Extracted entries:
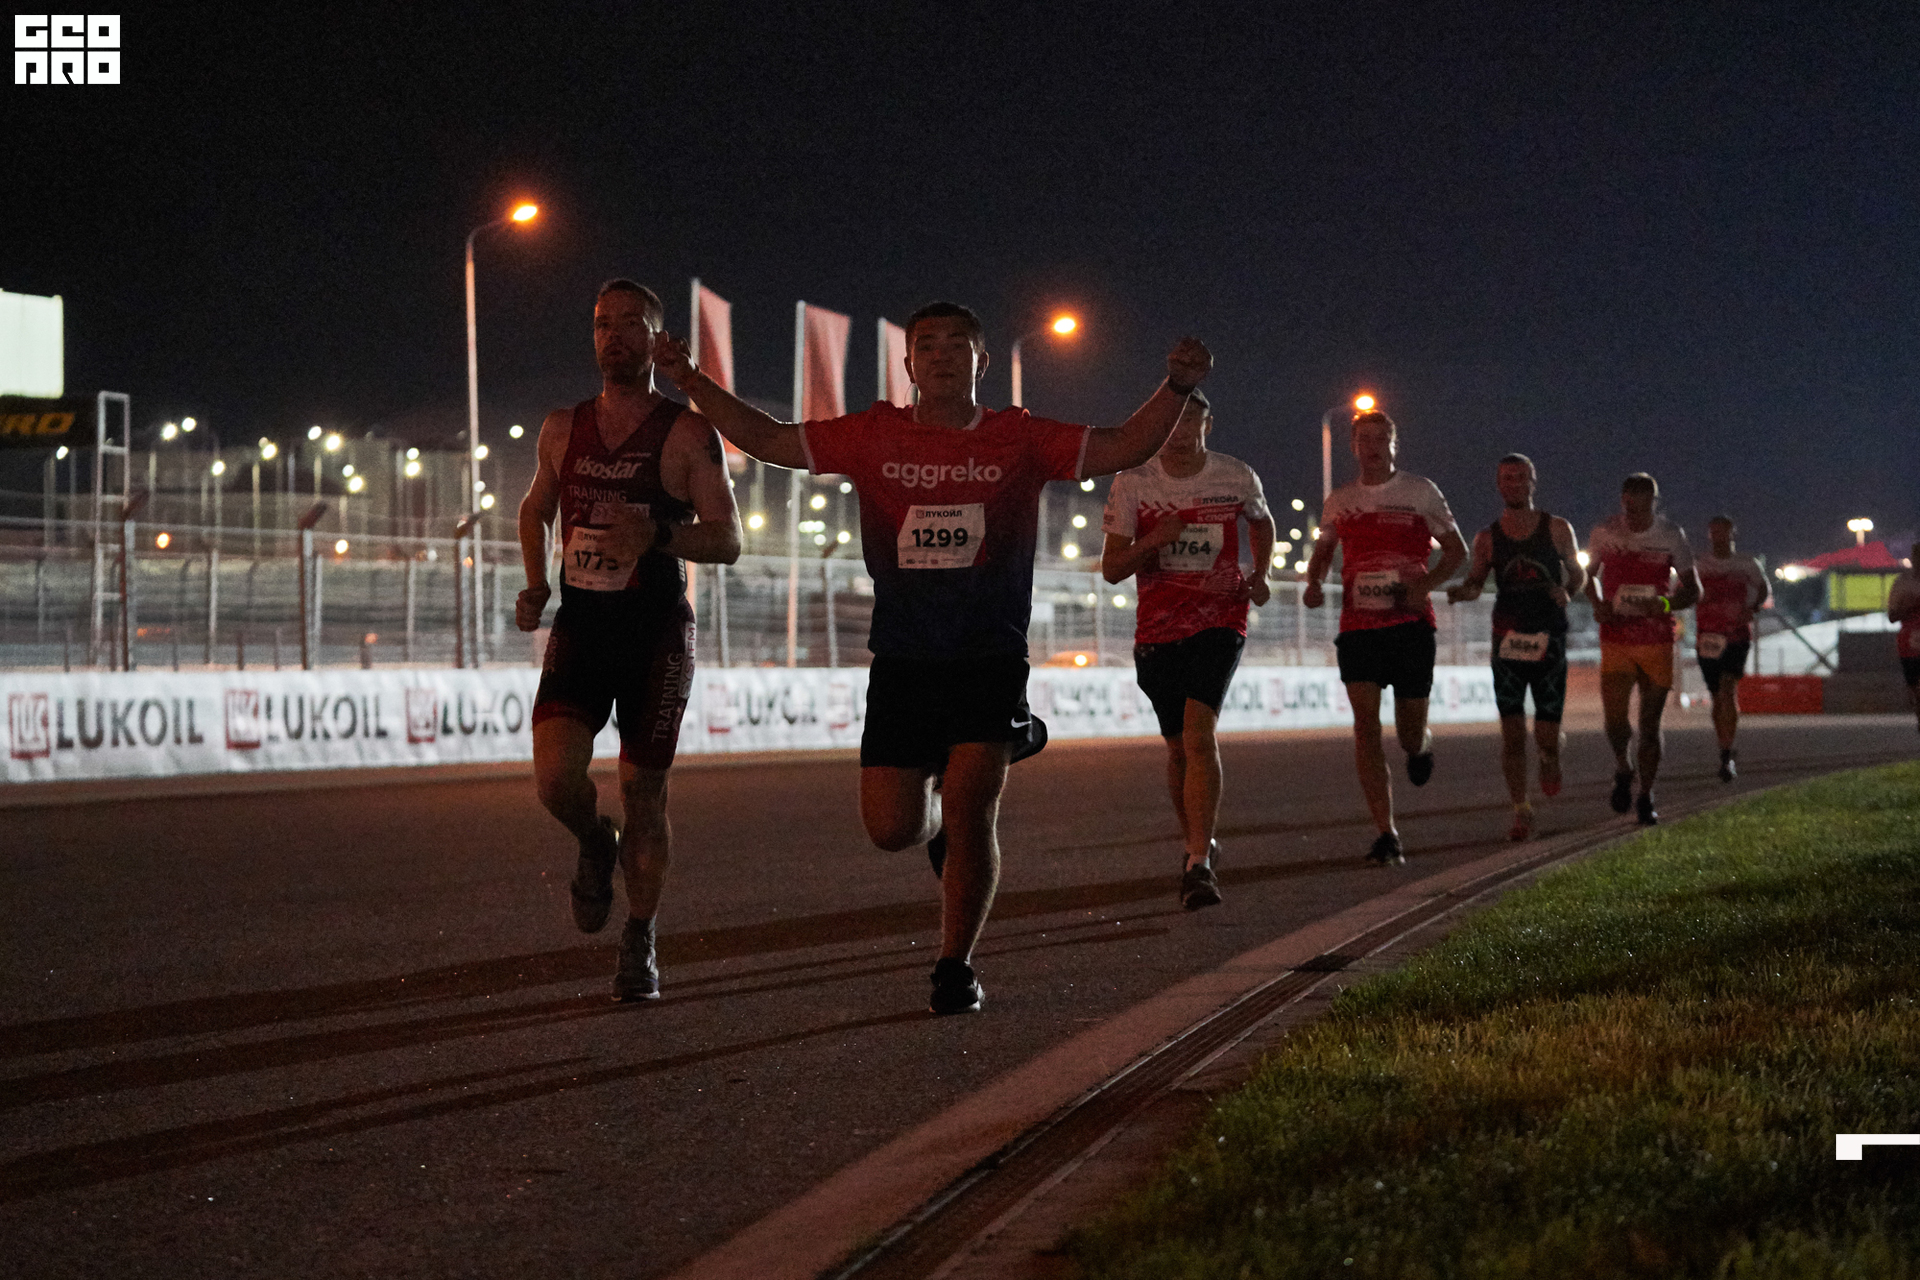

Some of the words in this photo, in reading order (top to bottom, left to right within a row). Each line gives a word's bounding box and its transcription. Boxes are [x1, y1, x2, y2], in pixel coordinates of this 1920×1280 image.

[0, 412, 76, 435] RO
[574, 456, 643, 479] isostar
[882, 457, 1002, 489] aggreko
[568, 485, 627, 502] TRAINING
[925, 509, 962, 518] ЛУКОЙЛ
[912, 528, 968, 547] 1299
[1171, 541, 1211, 555] 1764
[651, 652, 683, 742] TRAINING
[57, 696, 203, 749] LUKOIL
[266, 694, 388, 740] LUKOIL
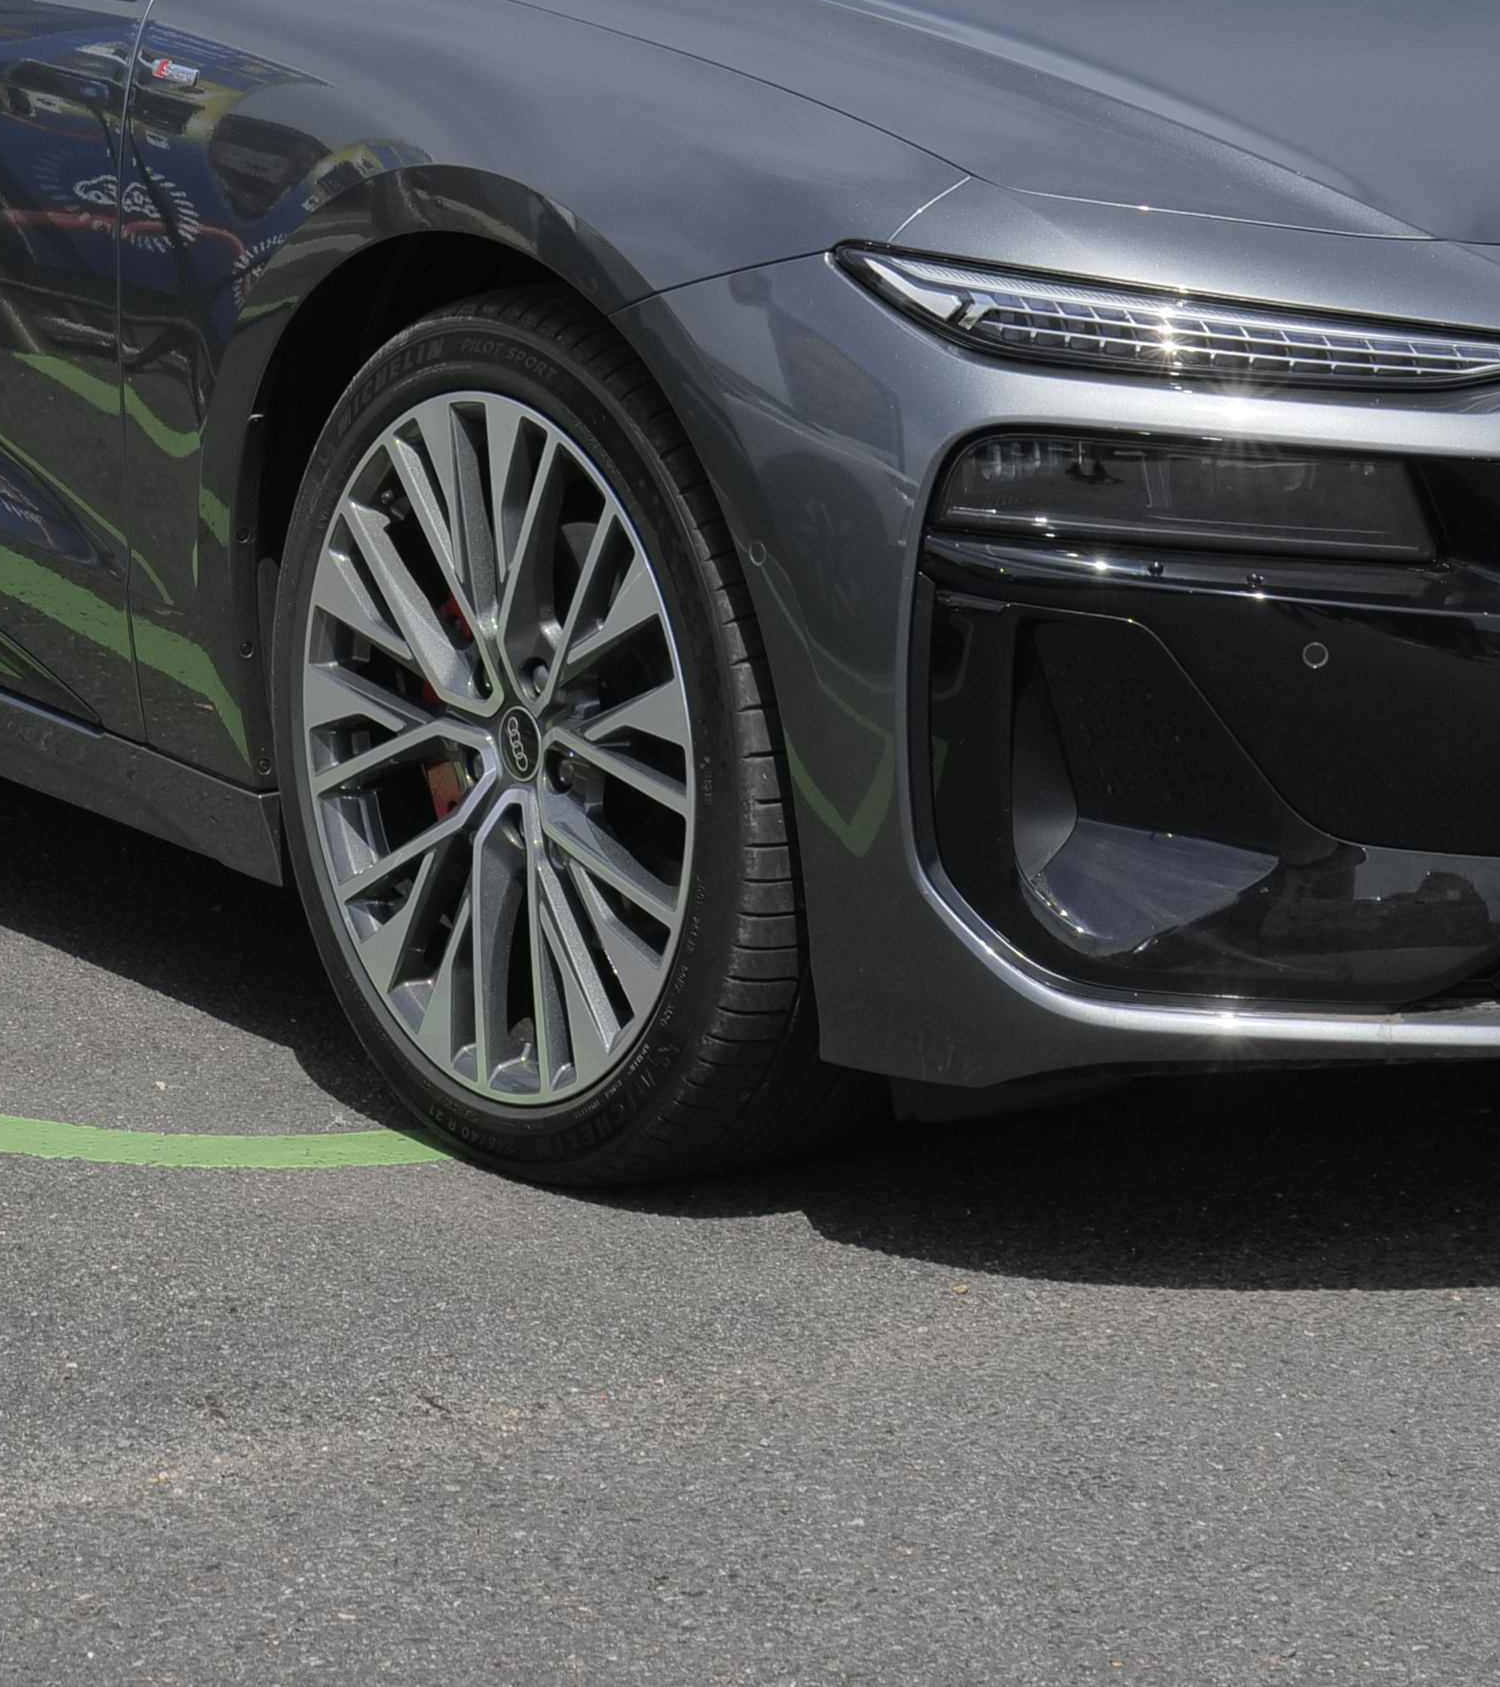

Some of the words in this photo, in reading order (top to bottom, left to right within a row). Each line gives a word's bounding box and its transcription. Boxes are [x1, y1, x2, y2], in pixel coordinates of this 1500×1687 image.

[337, 337, 446, 438] MICHELIN
[460, 337, 504, 358] PILOT
[505, 346, 559, 380] SPORT

Exercise directions:
Set every record down verbatim. No pictures belong in the copy.

Task response:
Some of the words in this photo, in reading order (top to bottom, left to right within a row). Each line gives a word's bounding box and its transcription. Boxes are [x1, y1, x2, y2], in pixel coordinates of this 1920×1280 image.

[0, 412, 76, 435] RO
[574, 456, 643, 479] isostar
[882, 457, 1002, 489] aggreko
[568, 485, 627, 502] TRAINING
[925, 509, 962, 518] ЛУКОЙЛ
[912, 528, 968, 547] 1299
[1171, 541, 1211, 555] 1764
[651, 652, 683, 742] TRAINING
[57, 696, 203, 749] LUKOIL
[266, 694, 388, 740] LUKOIL

Some of the words in this photo, in reading order (top to bottom, left to right within a row). Each line gives a word's bounding box and its transcription. Boxes are [x1, y1, x2, y2], in pixel coordinates of this 1500×1687 image.

[337, 337, 446, 438] MICHELIN
[460, 337, 504, 358] PILOT
[505, 346, 559, 380] SPORT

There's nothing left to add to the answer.